DATA PROVIDED:
*** Block opens ***

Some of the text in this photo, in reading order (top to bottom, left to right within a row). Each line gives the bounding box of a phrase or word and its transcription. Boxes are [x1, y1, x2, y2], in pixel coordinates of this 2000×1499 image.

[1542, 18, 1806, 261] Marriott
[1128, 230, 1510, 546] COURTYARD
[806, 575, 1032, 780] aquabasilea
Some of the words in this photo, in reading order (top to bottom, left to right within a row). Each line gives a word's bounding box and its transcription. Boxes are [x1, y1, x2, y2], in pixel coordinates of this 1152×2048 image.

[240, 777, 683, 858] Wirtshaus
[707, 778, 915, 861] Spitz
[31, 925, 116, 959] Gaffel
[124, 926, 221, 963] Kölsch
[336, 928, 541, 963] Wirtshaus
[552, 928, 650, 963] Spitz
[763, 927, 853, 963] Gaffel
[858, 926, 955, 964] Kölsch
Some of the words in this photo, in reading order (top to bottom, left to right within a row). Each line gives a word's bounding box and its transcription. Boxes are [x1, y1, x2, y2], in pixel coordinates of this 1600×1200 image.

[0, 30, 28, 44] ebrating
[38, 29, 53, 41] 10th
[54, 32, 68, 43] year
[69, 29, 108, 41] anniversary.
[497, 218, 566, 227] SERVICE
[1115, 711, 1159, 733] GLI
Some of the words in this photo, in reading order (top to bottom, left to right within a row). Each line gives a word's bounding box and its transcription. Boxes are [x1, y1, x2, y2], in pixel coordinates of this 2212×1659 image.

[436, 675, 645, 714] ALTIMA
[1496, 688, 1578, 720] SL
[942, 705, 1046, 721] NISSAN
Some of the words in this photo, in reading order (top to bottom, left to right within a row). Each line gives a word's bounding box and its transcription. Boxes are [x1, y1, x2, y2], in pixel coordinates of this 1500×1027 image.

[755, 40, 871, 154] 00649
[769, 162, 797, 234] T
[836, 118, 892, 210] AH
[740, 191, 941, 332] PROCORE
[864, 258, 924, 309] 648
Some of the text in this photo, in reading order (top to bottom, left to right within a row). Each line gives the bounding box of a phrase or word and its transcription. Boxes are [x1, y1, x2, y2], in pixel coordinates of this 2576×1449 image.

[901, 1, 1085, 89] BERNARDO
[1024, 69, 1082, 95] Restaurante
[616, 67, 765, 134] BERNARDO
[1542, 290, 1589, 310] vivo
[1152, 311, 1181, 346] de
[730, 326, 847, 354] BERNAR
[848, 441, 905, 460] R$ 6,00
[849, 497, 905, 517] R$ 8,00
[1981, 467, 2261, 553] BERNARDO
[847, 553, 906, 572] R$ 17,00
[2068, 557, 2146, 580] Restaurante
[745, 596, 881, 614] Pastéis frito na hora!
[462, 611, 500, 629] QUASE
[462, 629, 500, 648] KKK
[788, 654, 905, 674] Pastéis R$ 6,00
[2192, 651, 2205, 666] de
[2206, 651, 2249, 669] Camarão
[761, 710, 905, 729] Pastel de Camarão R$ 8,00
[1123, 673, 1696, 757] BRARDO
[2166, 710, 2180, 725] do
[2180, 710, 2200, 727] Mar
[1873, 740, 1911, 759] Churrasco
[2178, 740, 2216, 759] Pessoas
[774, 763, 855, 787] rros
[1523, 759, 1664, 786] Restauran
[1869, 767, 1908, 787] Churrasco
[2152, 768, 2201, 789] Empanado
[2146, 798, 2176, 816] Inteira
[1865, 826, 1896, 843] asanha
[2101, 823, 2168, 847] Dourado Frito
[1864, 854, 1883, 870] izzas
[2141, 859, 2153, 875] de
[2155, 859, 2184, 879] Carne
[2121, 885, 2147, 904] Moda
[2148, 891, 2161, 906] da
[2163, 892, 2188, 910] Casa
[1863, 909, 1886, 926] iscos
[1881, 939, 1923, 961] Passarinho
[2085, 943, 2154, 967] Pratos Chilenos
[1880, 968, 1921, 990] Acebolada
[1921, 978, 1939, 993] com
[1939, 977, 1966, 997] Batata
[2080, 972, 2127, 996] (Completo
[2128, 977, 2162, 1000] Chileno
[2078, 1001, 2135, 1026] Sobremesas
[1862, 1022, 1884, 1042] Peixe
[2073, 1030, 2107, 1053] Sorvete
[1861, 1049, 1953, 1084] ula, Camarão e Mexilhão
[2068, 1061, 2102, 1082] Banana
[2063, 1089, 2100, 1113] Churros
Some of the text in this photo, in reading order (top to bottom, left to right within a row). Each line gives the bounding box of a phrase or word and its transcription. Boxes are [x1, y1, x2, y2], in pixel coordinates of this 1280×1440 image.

*** Block closes ***

WHAT THE TASK ASKS:
Every entry must appear in the answer, reproduced exactly.

EXPECTED ANSWER:
Some of the text in this photo, in reading order (top to bottom, left to right within a row). Each line gives the bounding box of a phrase or word and its transcription. Boxes are [x1, y1, x2, y2], in pixel coordinates of this 2000×1499 image.

[1542, 18, 1806, 261] Marriott
[1128, 230, 1510, 546] COURTYARD
[806, 575, 1032, 780] aquabasilea
Some of the words in this photo, in reading order (top to bottom, left to right within a row). Each line gives a word's bounding box and its transcription. Boxes are [x1, y1, x2, y2], in pixel coordinates of this 1152×2048 image.

[240, 777, 683, 858] Wirtshaus
[707, 778, 915, 861] Spitz
[31, 925, 116, 959] Gaffel
[124, 926, 221, 963] Kölsch
[336, 928, 541, 963] Wirtshaus
[552, 928, 650, 963] Spitz
[763, 927, 853, 963] Gaffel
[858, 926, 955, 964] Kölsch
Some of the words in this photo, in reading order (top to bottom, left to right within a row). Each line gives a word's bounding box and its transcription. Boxes are [x1, y1, x2, y2], in pixel coordinates of this 1600×1200 image.

[0, 30, 28, 44] ebrating
[38, 29, 53, 41] 10th
[54, 32, 68, 43] year
[69, 29, 108, 41] anniversary.
[497, 218, 566, 227] SERVICE
[1115, 711, 1159, 733] GLI
Some of the words in this photo, in reading order (top to bottom, left to right within a row). Each line gives a word's bounding box and its transcription. Boxes are [x1, y1, x2, y2], in pixel coordinates of this 2212×1659 image.

[436, 675, 645, 714] ALTIMA
[1496, 688, 1578, 720] SL
[942, 705, 1046, 721] NISSAN
Some of the words in this photo, in reading order (top to bottom, left to right within a row). Each line gives a word's bounding box and its transcription. Boxes are [x1, y1, x2, y2], in pixel coordinates of this 1500×1027 image.

[755, 40, 871, 154] 00649
[769, 162, 797, 234] T
[836, 118, 892, 210] AH
[740, 191, 941, 332] PROCORE
[864, 258, 924, 309] 648
Some of the text in this photo, in reading order (top to bottom, left to right within a row). Each line gives the bounding box of a phrase or word and its transcription. Boxes are [x1, y1, x2, y2], in pixel coordinates of this 2576×1449 image.

[901, 1, 1085, 89] BERNARDO
[1024, 69, 1082, 95] Restaurante
[616, 67, 765, 134] BERNARDO
[1542, 290, 1589, 310] vivo
[1152, 311, 1181, 346] de
[730, 326, 847, 354] BERNAR
[848, 441, 905, 460] R$ 6,00
[849, 497, 905, 517] R$ 8,00
[1981, 467, 2261, 553] BERNARDO
[847, 553, 906, 572] R$ 17,00
[2068, 557, 2146, 580] Restaurante
[745, 596, 881, 614] Pastéis frito na hora!
[462, 611, 500, 629] QUASE
[462, 629, 500, 648] KKK
[788, 654, 905, 674] Pastéis R$ 6,00
[2192, 651, 2205, 666] de
[2206, 651, 2249, 669] Camarão
[761, 710, 905, 729] Pastel de Camarão R$ 8,00
[1123, 673, 1696, 757] BRARDO
[2166, 710, 2180, 725] do
[2180, 710, 2200, 727] Mar
[1873, 740, 1911, 759] Churrasco
[2178, 740, 2216, 759] Pessoas
[774, 763, 855, 787] rros
[1523, 759, 1664, 786] Restauran
[1869, 767, 1908, 787] Churrasco
[2152, 768, 2201, 789] Empanado
[2146, 798, 2176, 816] Inteira
[1865, 826, 1896, 843] asanha
[2101, 823, 2168, 847] Dourado Frito
[1864, 854, 1883, 870] izzas
[2141, 859, 2153, 875] de
[2155, 859, 2184, 879] Carne
[2121, 885, 2147, 904] Moda
[2148, 891, 2161, 906] da
[2163, 892, 2188, 910] Casa
[1863, 909, 1886, 926] iscos
[1881, 939, 1923, 961] Passarinho
[2085, 943, 2154, 967] Pratos Chilenos
[1880, 968, 1921, 990] Acebolada
[1921, 978, 1939, 993] com
[1939, 977, 1966, 997] Batata
[2080, 972, 2127, 996] (Completo
[2128, 977, 2162, 1000] Chileno
[2078, 1001, 2135, 1026] Sobremesas
[1862, 1022, 1884, 1042] Peixe
[2073, 1030, 2107, 1053] Sorvete
[1861, 1049, 1953, 1084] ula, Camarão e Mexilhão
[2068, 1061, 2102, 1082] Banana
[2063, 1089, 2100, 1113] Churros
Some of the text in this photo, in reading order (top to bottom, left to right within a row). Each line gives the bounding box of a phrase or word and its transcription. Boxes are [x1, y1, x2, y2], in pixel coordinates of this 1280×1440 image.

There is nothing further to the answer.